I was thinking about the number of times master was broken in the last month.
That's a workflow problem independent of releasing. But if you feel
like 'master' is not stable enough for the promise we try to make about
'master', putting that instability in 'maint' is pretty much the most
reckless thing possible.
You are infering something I did not say. I did not merge instable
stuff into maint.
The reason for a feature freeze on 'master' is
to bring its stability up to that of 'maint'.
I don't think thats enforceable. As it turns out - its not even
enforceable on maint - as this thread demonstrates.
To me - currently we are at RC [yeah - witout a change in
petscversion.h or a tag] - and RC to RELEASE should be via maint
workflow - hence this update to maint.
Why should RC to release "be via maint workflow"?
The thought is - one you want a release in the next few days - if a
fix is critical then it should go in. If a fix can't be in 3.7.1 then
it shouldn't go in. And if a fix can be in 3.7.1 - then mostlikely it
can wait till 3.7.1.
Presumably at least one of those is supposed to be 3.7.0. But since you
haven't tagged v3.7, you're basically making 'maint' the new 'master',
which doesn't make any sense to me.
I'm not making 'maint' the new master. I'm enforcing bugfix only policy.
which is a maint policy.
Anyway, if we allow 3.7.0 to ship with no more stability than a first
RC,
Again you are misinterpreting my statement.
I see you are interpreting" RC=>buggy - so RC should never be in maint".
To me its equivalent of saying "3.6.3 is buggy - so it should have
never be released - so only 3.6.4 shold have been released as 3.6"

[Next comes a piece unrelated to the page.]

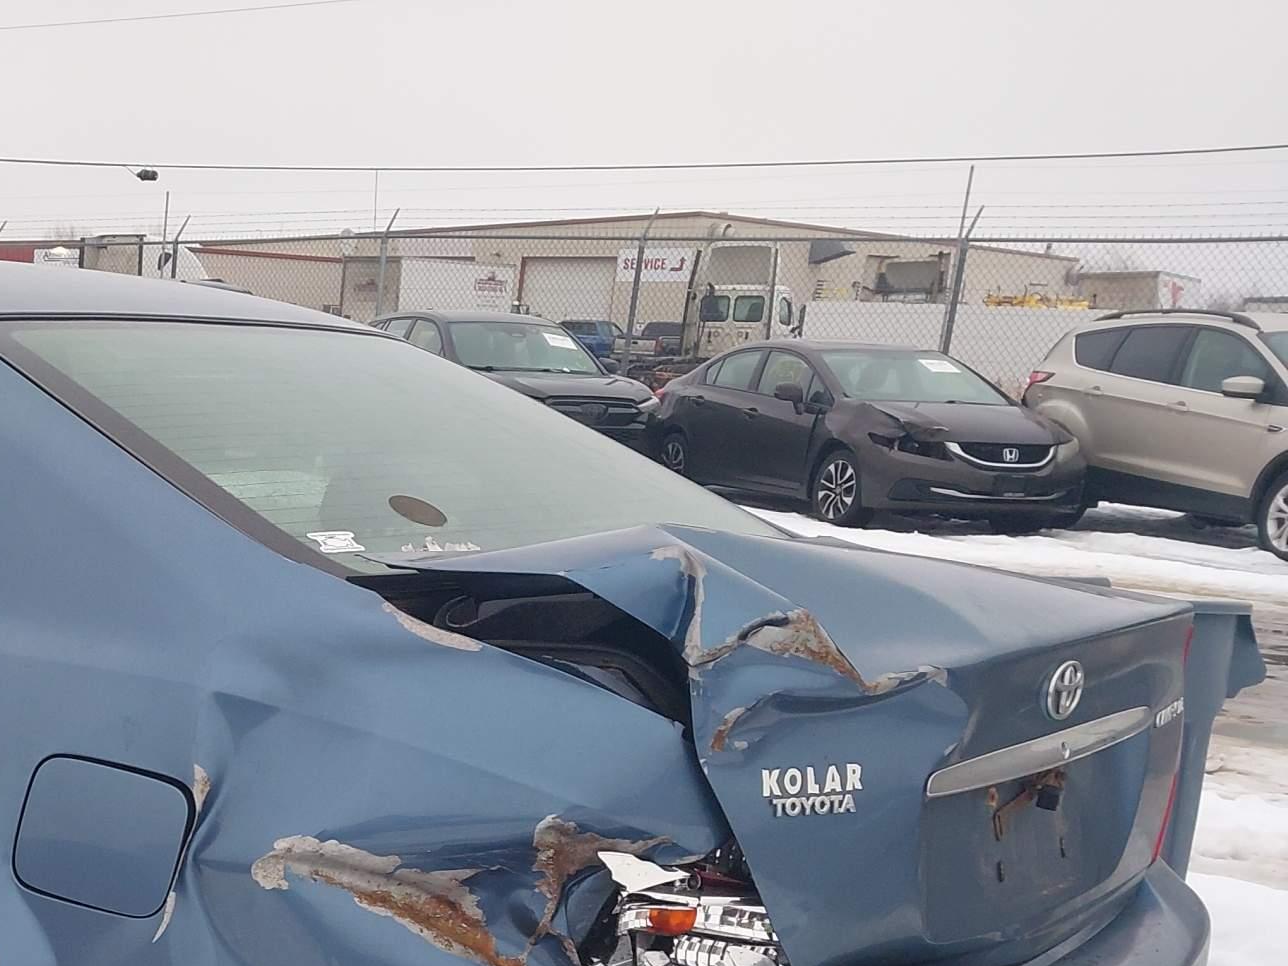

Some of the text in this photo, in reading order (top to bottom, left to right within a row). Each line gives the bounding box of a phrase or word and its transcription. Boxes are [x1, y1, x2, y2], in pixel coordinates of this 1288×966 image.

we're basically telling users they shouldn't even bother trying
until *.*.1 releases. I think that's a cop out. Having a feature
freeze, clearing out 'next', and encouraging users to test 'master' is a
good way to make sure the *.*.0 releases are better.
Barry made an anouncement on encouraging users to test a few weeks
back. I don't think that works.. We are attempting to release
what we know is stable.
[there have been requests for TC testing - I was hoping we could be in
this RC mode for a week - like a patch release test mode]
TC?
RC
I think we should have a week of feature freeze (no new features to
'master' or 'next') prior to tagging a release. But tag the release on
'master'.
I'd also argue we're clearly not at RC because new features (currently
in 'next') are still being merged.
I was trying to avoid that.
Well, there were several feature branches in 'next' before you
fast-forwarded 'maint' so it's not all a surprise.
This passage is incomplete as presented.